The implementation process of the steps can adopt the method given in any one of the above embodiments.
Example 10:
the present embodiment provides an electronic device, comprising a memory and a processor, wherein the memory stores a computer program, and the computer program, when executed by the processor, causes the processor to implement the single cell clustering method described in any one of the above embodiments.
Example 11:
the present embodiment provides a storage medium having stored thereon a computer program which, when executed by a processor, implements the single-cell clustering method described in any one of the above embodiments.
The above-mentioned embodiments only express several embodiments of the present application, and the description thereof is more specific and detailed, but not construed as limiting the scope of the present application. It should be noted that, for a person skilled in the art, several variations and modifications can be made without departing from the concept of the present application, which falls within the scope of protection of the present application.
Experimental verification
1. Evaluation index
The clusters predicted by the embodiment (MPGS _ Louvain) of the invention cannot be all the same as the clusters of the marks, and NMI and ARI are common clustering performance evaluation indexes and can be used for evaluating the consistency between the predicted clustering results and the clustering results of the known marks. Therefore NMI and ARI are suitable for evaluating the predictive clustering performance of MPGS.
In addition, in addition to NMI and ARI, heatmaps (heatmaps) can be used to visually reflect cell clustering results and related highly expressed genes, and are useful for evaluating the performance of similarity calculations. Therefore, the present experiment also uses heat maps to represent and evaluate the similarity calculation performance of the MPGS method.

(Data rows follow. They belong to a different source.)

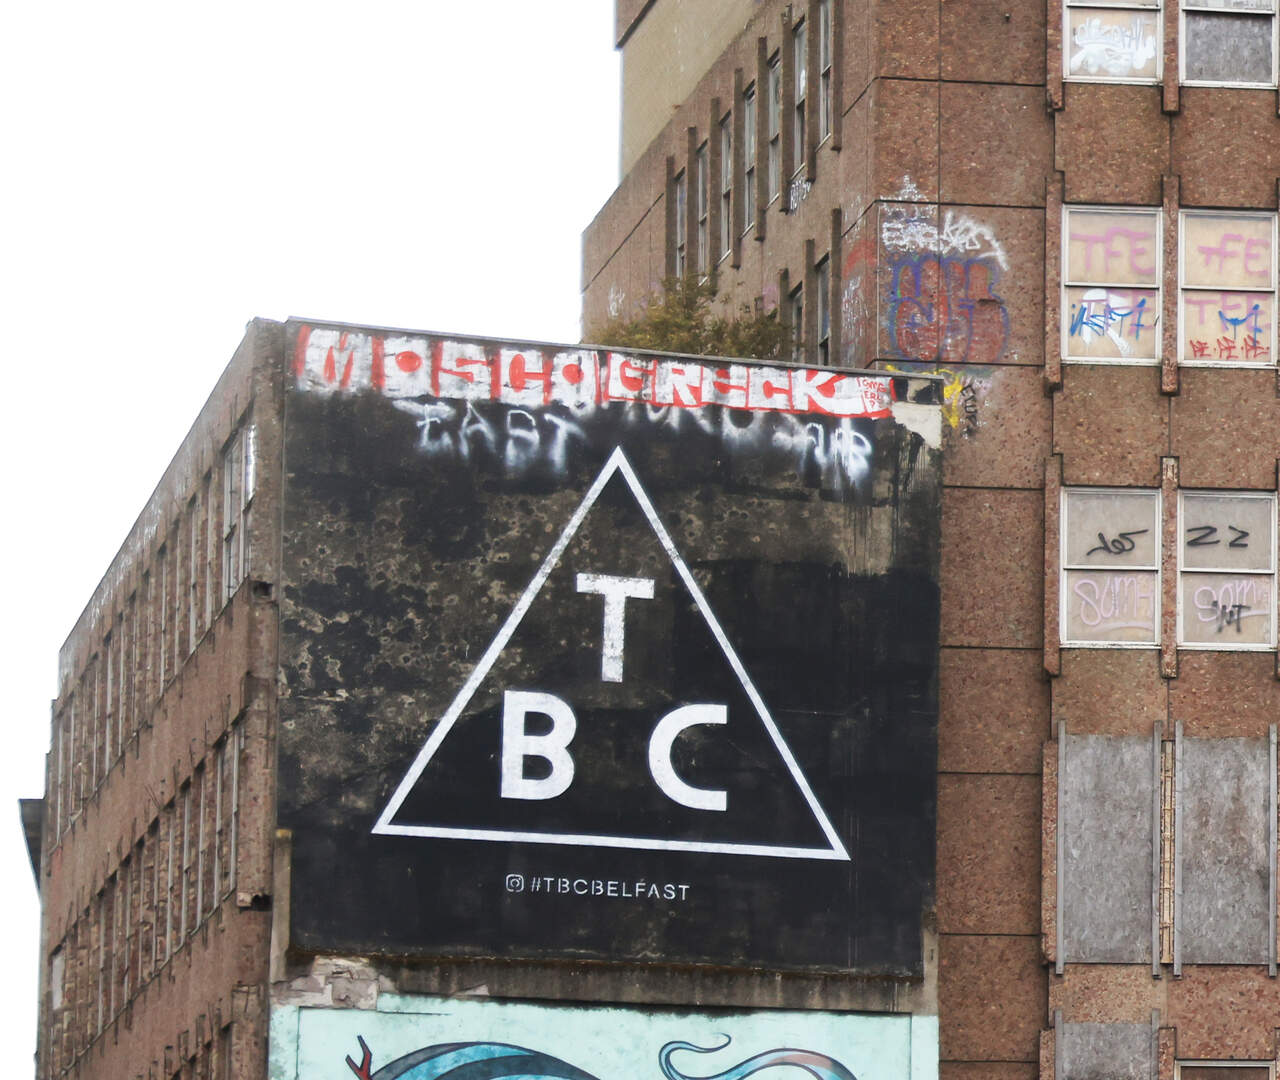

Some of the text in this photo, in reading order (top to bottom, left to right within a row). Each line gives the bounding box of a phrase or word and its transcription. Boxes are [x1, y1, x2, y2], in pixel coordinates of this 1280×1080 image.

[576, 573, 655, 683] T
[501, 689, 728, 812] B C
[531, 876, 691, 901] #TBCBELFAST
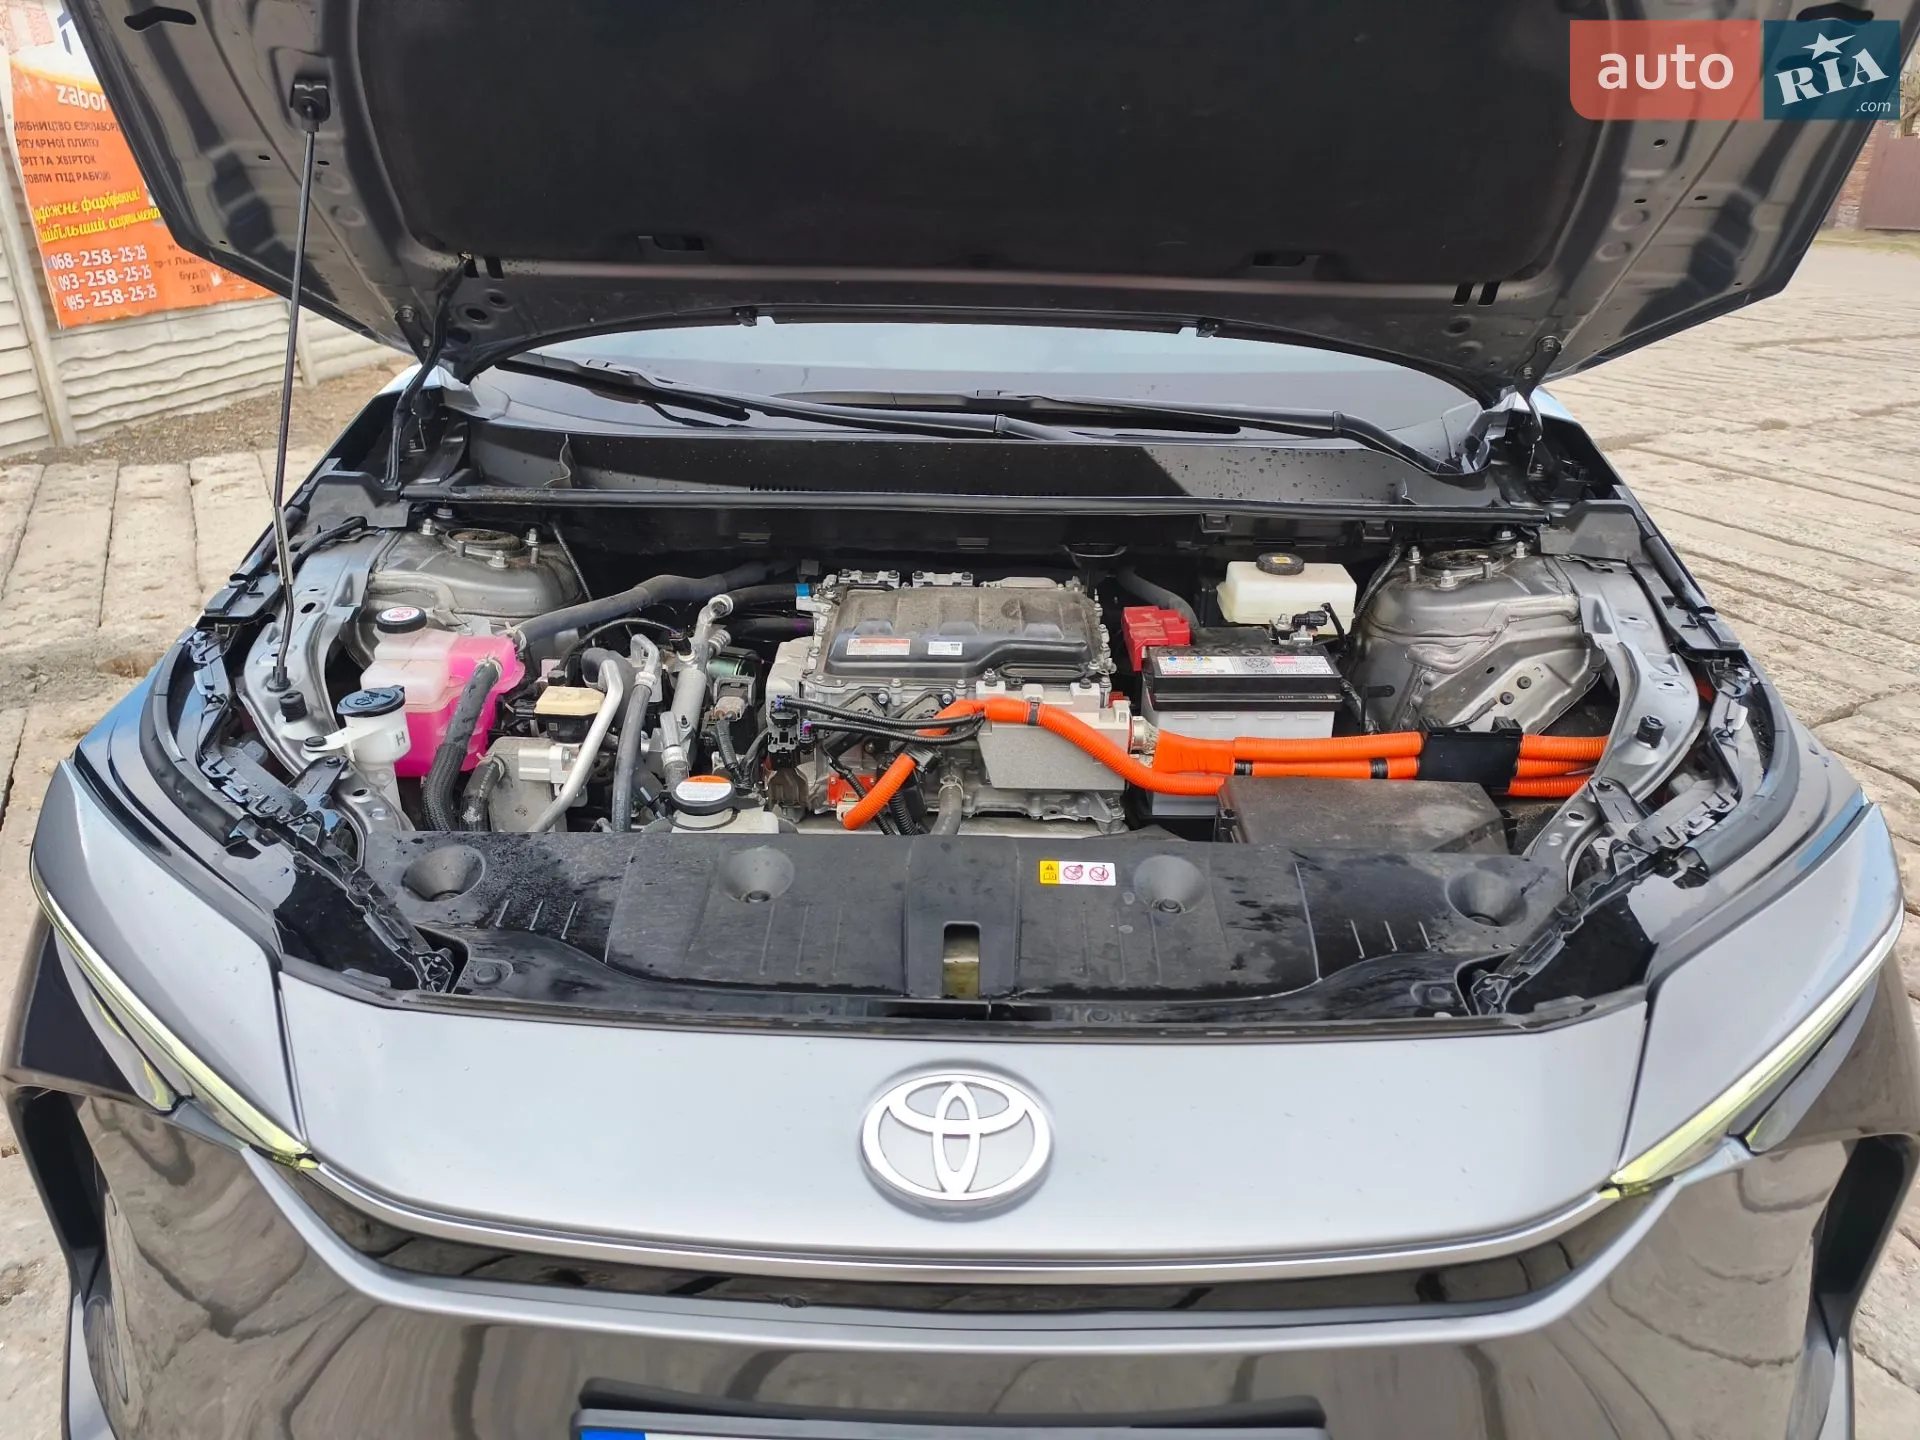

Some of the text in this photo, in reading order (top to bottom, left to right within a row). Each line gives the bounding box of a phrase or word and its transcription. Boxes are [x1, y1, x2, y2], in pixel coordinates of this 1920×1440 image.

[55, 172, 76, 184] ПІД
[51, 244, 148, 270] 068-258-25-25
[58, 264, 153, 291] 093-258-25-25
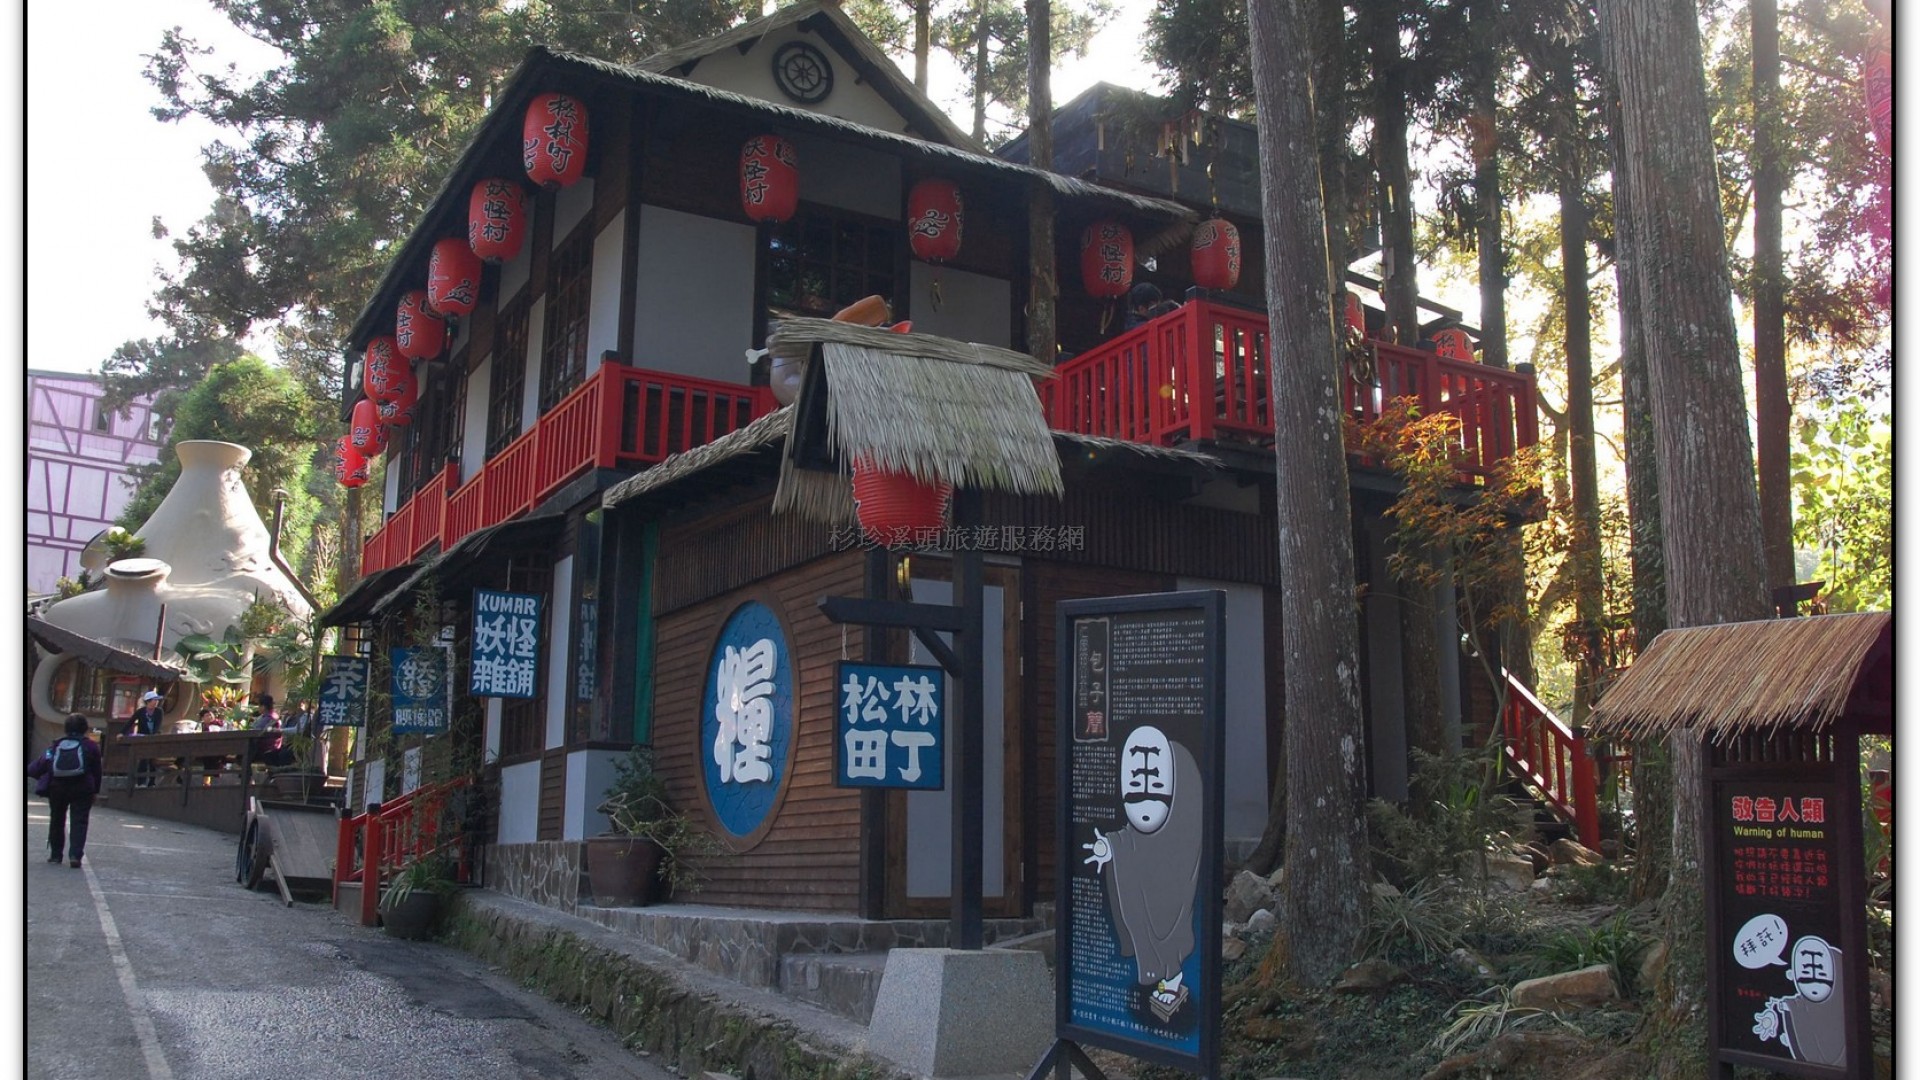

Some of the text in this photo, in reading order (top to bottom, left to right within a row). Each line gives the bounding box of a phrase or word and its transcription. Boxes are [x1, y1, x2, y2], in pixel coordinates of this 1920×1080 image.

2. Comparison with other similarity calculation methods
To evaluate the effectiveness of the clustering method proposed in the present embodiment, the similarity calculation Method (MPGS) in the present embodiment was compared with three other similarity calculation methods (SIMLR). Among them, Euclidean distance and Spearman correlation similarity calculation are classical similarity calculation methods, and SIMLR is a new similarity calculation method with high performance. The heat map of the results of the similarity calculations is shown in FIGS. 5-7, where (a) is Euclidean distance, (b) is Spearman correlation coefficient, (c) is SIMLR, and (d) is MPGS. In the heat map, white indicates a high similarity value and black indicates a low similarity value. As can be seen from FIGS. 5-7, direct use of the two classical similarity calculations Euclidean distance and Spearman correlation coefficient results in a heatmap in which the blocky structures are not evident. When the SIMLR and MPGS methods are used, the result heat map has more obvious block structures, wherein the block structures of the result heat map of the MPGS are clearer and have no abnormal points. Therefore, the method is superior to other similarity calculation methods.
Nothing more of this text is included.